Electrol oil furnace ad 1927

Dream House
Charles W. Hamp                               1928
(Columbia 1371-D  mx 145945)
New!(Audio file updated 8/29/02)
This catchy recording with an excellent jazz accompaniment has been in my collection for who knows how long - but I only discovered it for the first time a few weeks ago.  Its always fun to discover that you have a treasure that you didn't realize you had.

I don't have much biographical information about Hamp other than the fact that he recorded a number of sides for the Columbia and Okeh labels in the late 1920's.  I wonder if he might have been related to Johnny Hamp, a famous bandleader from the era.  Regardless, as a jazz singer, he was certainly more than competent.  And I'll bet you never before realized that "dream" can be a three syllable word!

September 20, 2001

This week's Hit of the Week is brought to you by:

1933 White Rock mineral water ad

Anything That's Part Of You
Guy Lombardo and his Royal Canadians     1934
(Brunswick 6949 mx LA-164)
The great stylistic dichotomy of the dance band era was between the so-called "hot" bands and the "sweet" bands.  Of the sweet bands, Guy Lombardo was the undisputed king.

The old adage "if it works, don't fix it" was not lost on Lombardo.  His was one of the most enduring bands of the era - lasting from the early 1920s until his death in 1977.  And despite a half century of almost constantly changing musical trends, his basic style, which he called "The Sweetest Music This Side of Heaven" remained more or less unaltered .  Like many of the longer lasting bands, however, his output after World War II was of diminished quality - due in part, I suspect, to a lack of new tunes appropriate for the genre.

I  can only take Guy Lombardo's music in limited doses. Hearing too much of it is like having a mouth full of saccharine.  On the other hand, a number of his recordings from the late 1920s and early 1930s - such as this week's selection - have a certain haunting charm.  I like to mix them in with a stack of "hot jazz" and swing records and use them as contrast.

September 13, 2001
Like everyone, I am shocked and horrified at the events over the past few days.  What happened was not just an attack on New York or the United States - it was an attack on civilization itself. 

Above is a photo I took a couple of years ago on a trip to New York City.  I liked the way that the Twin Towers in the distance appeared to frame the historic Woolworth Building.  Since Tuesday, I have been looking at the many photographs that I took during that trip.  It is still so hard to believe.

My thoughts go out to all whose lives have been, in some way, impacted by this horrendous evil.
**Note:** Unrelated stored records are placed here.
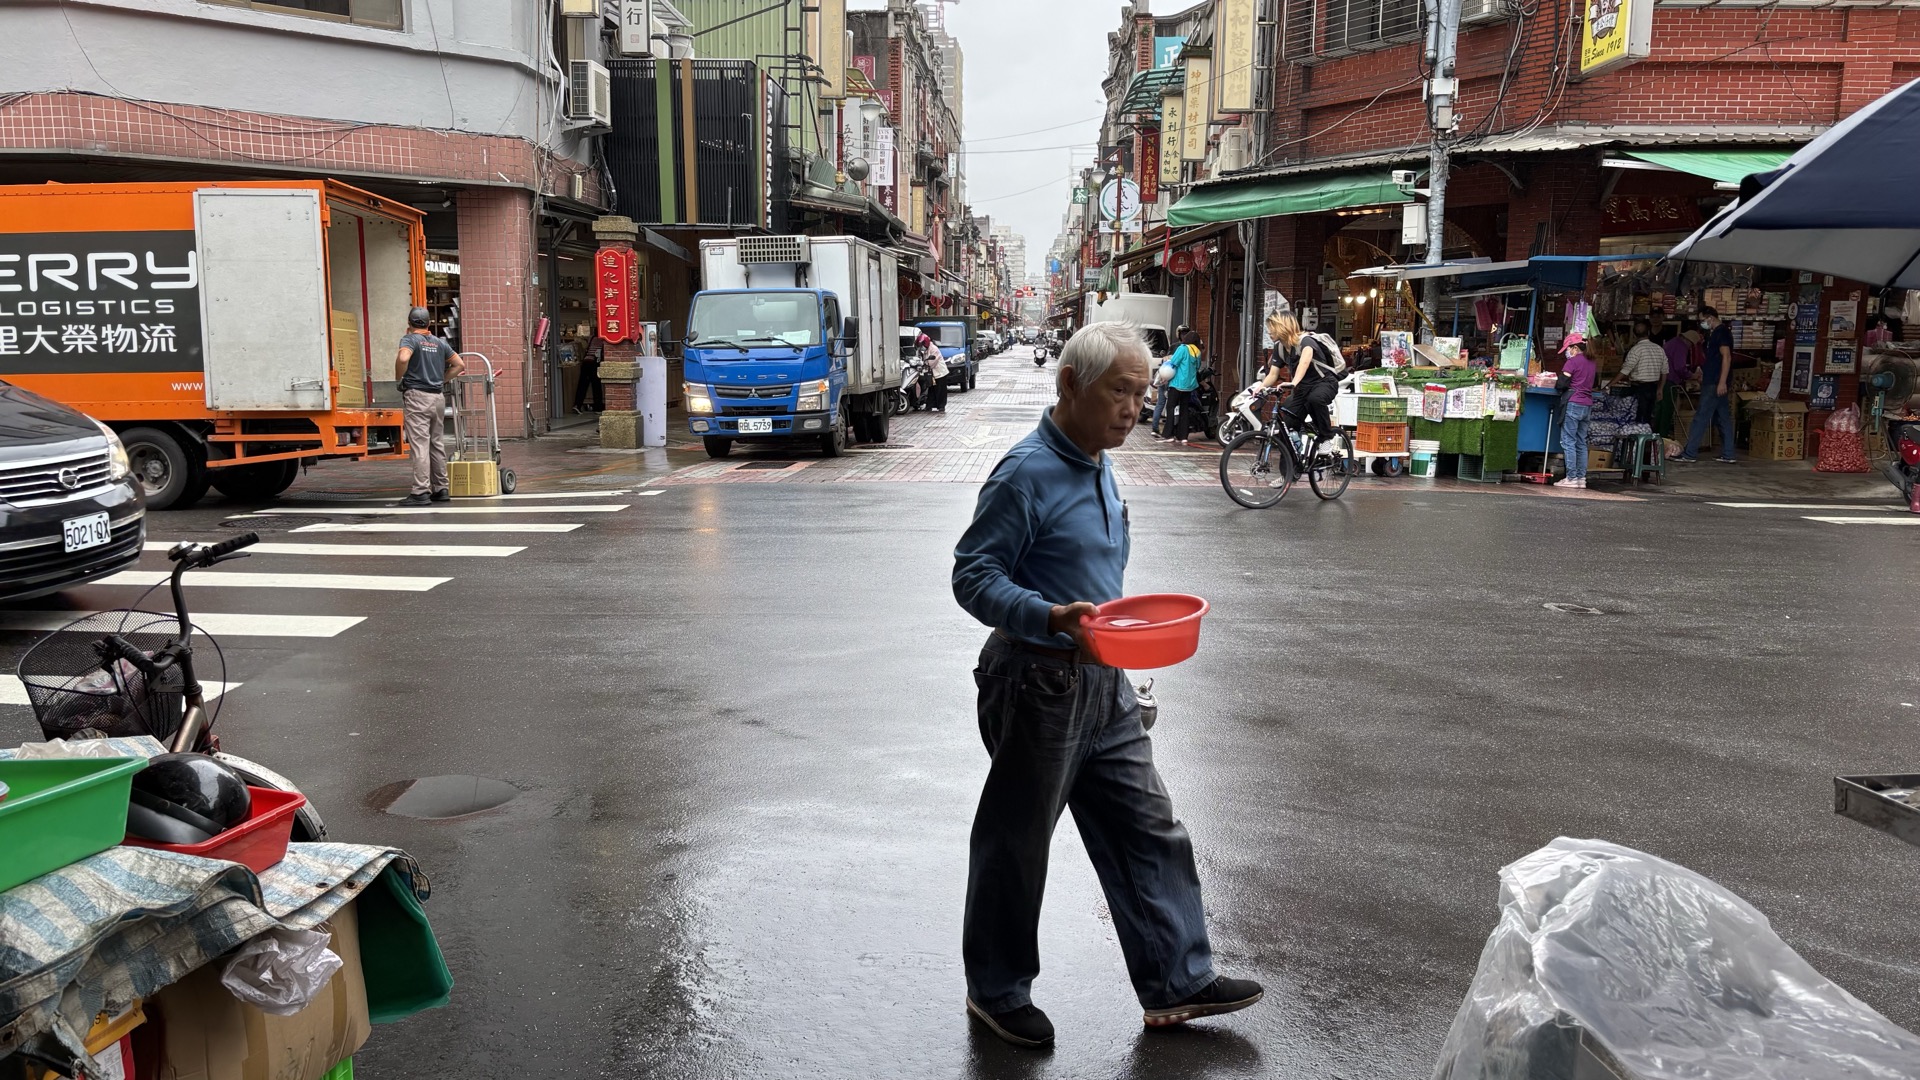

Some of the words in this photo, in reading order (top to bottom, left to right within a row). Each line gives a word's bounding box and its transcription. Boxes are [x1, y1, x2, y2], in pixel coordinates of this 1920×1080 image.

[1591, 48, 1605, 60] Since
[1606, 37, 1622, 53] 1912
[1166, 107, 1178, 147] 永利行
[1074, 189, 1087, 203] 茶
[603, 256, 620, 333] 迪化街商圈
[0, 299, 175, 317] LOGISTICS
[0, 323, 178, 355] 里大榮物流
[739, 422, 772, 431] RBL-5739
[65, 519, 110, 547] 5021-QX
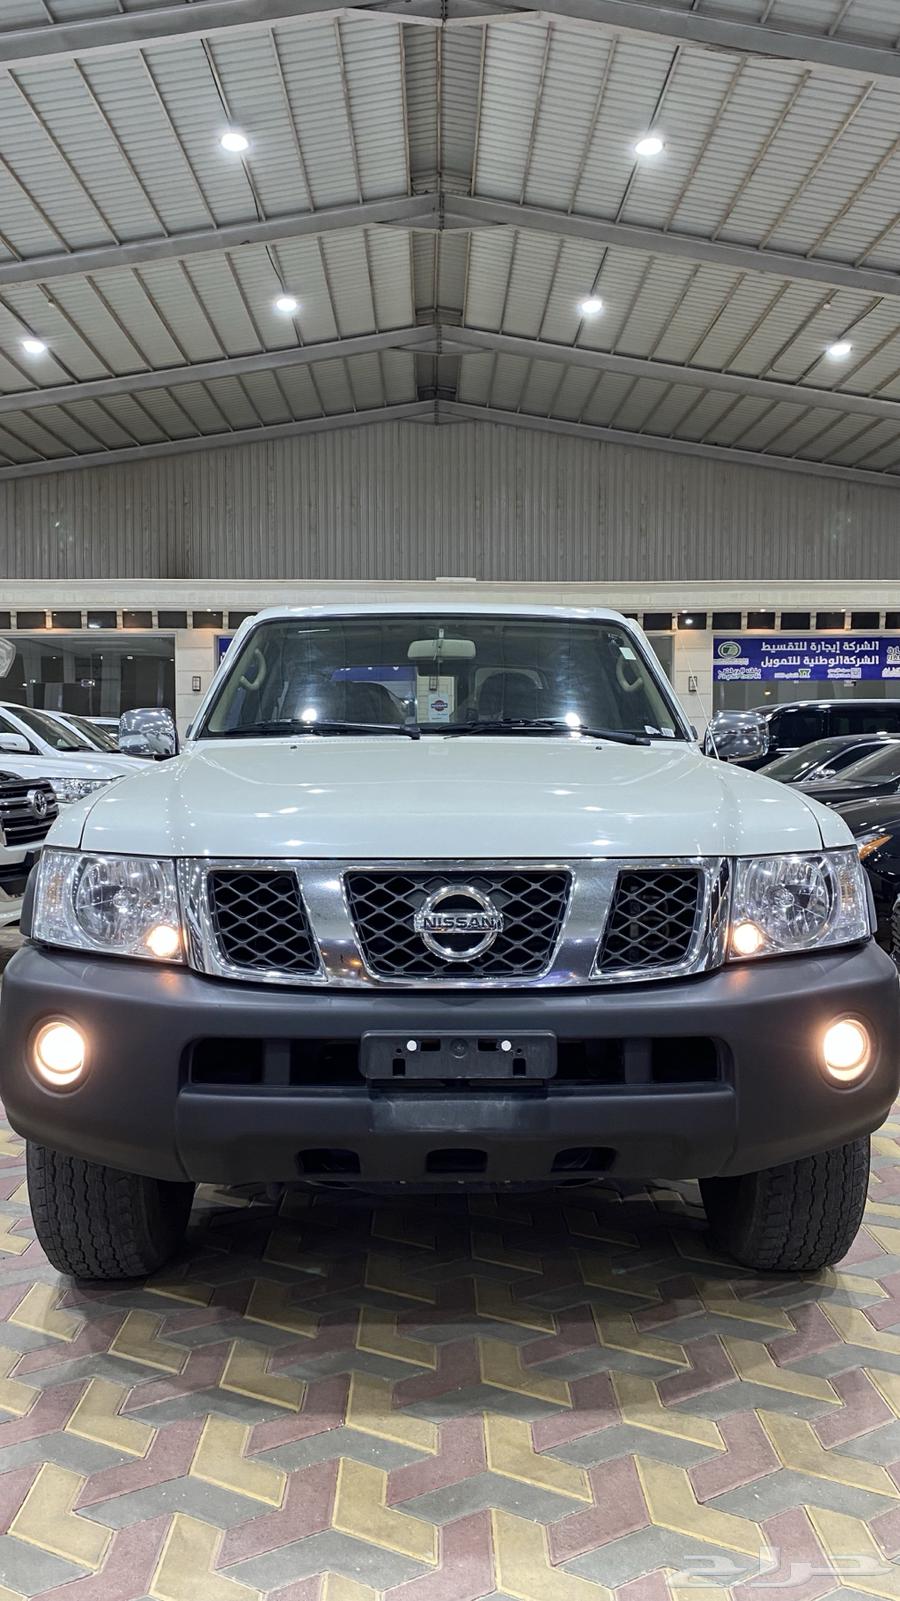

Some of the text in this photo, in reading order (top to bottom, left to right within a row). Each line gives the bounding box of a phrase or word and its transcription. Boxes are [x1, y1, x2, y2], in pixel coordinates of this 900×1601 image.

[761, 641, 879, 653] الشركة إيجارة للتقسيط
[761, 656, 800, 667] للتمويل
[423, 917, 495, 929] NISSAN
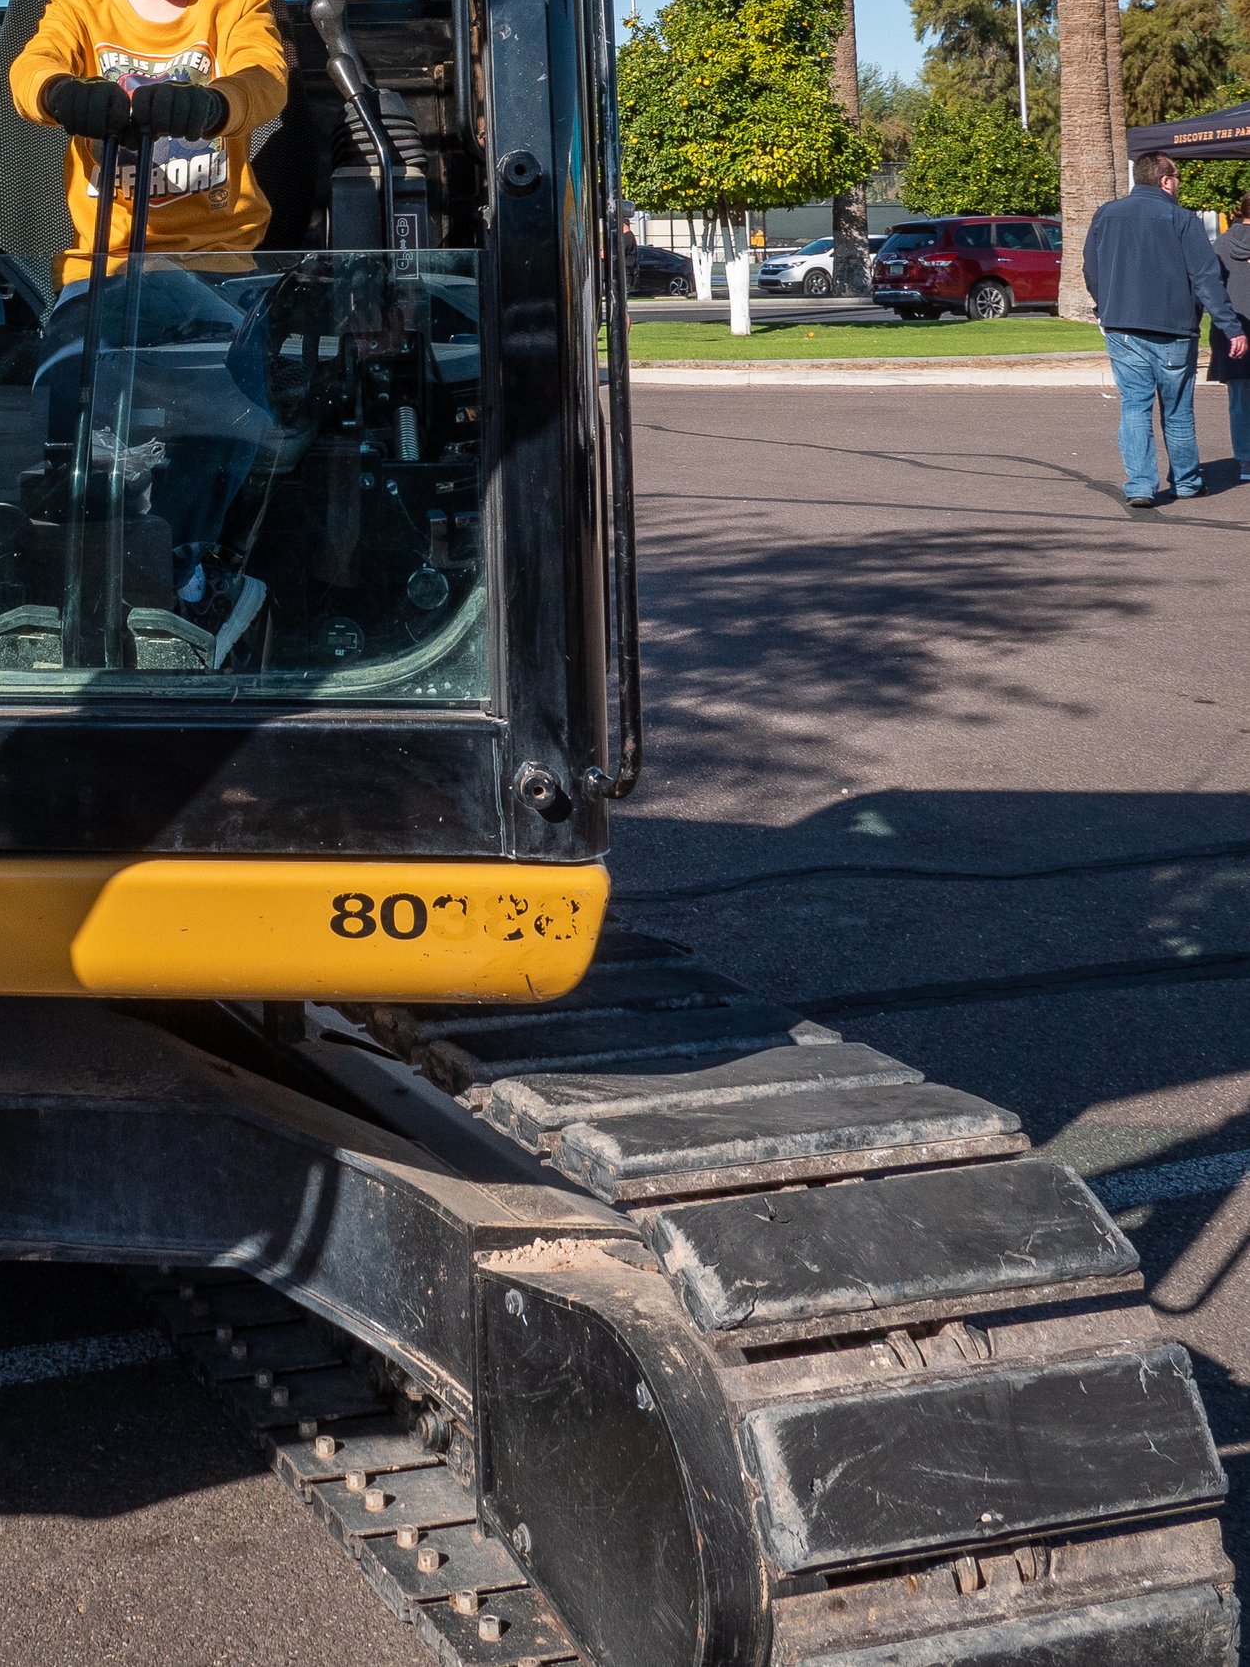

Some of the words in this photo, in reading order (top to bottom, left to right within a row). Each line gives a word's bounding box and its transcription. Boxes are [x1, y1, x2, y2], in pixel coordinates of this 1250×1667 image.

One of the frustrations that vintage record collectors face is that the old shellac 78 rpm discs are relatively fragile.  Both of this week's selections are a demonstration of that fact.  When I acquired them, both had hair line cracks.  Eventually, these cracks will grow worse causing a chunk of each record to break out rendering them totally unplayable.  I have decided to feature them while they are still listenable. 

Knock, Knock, Who's There?
Fletcher Henderson and his Orchestra
Roy Eldridge & Edward Cuffee, vocal       1936
(Victor 25373-A)

Remember "knock knock" jokes?  Yes, they had them back in the 1930s too. 

Roy Eldridge, featured on the vocal, was one of the swing era's legendary trumpet players.  Eldridge was among the early black musicians to break the "color barrier" by performing with the Fred Rich, Gene Krupa and Artie Shaw orchestras.

Spanish Dream
Jack Pettis and his Pets                           1928
(Victor 21559-B)

I do not have a lot of information about Jack Pettis other than the fact that his band recorded under several pseudonyms and frequently featured some of the top white jazz talent of the late 1920s and early 1930s.

September 6, 2001

Rock! Daniel
Lucky Millinder and his Orchestra 
Rosetta Tharpe, vocal & guitar                 1941
(Decca 3956 mx 69440)

Tharpe - who was often referred to as "Sister" Rosetta Tharpe - was  a very prominent gospel singer in the late 1930s and early 1940s.  Her "cross over" work with the very much this-worldly sound of artists such as the Millinder band, however, alienated some of the more religious members of her audience.  In addition to being a talented vocalist, Tharpe was also an accomplished guitar player.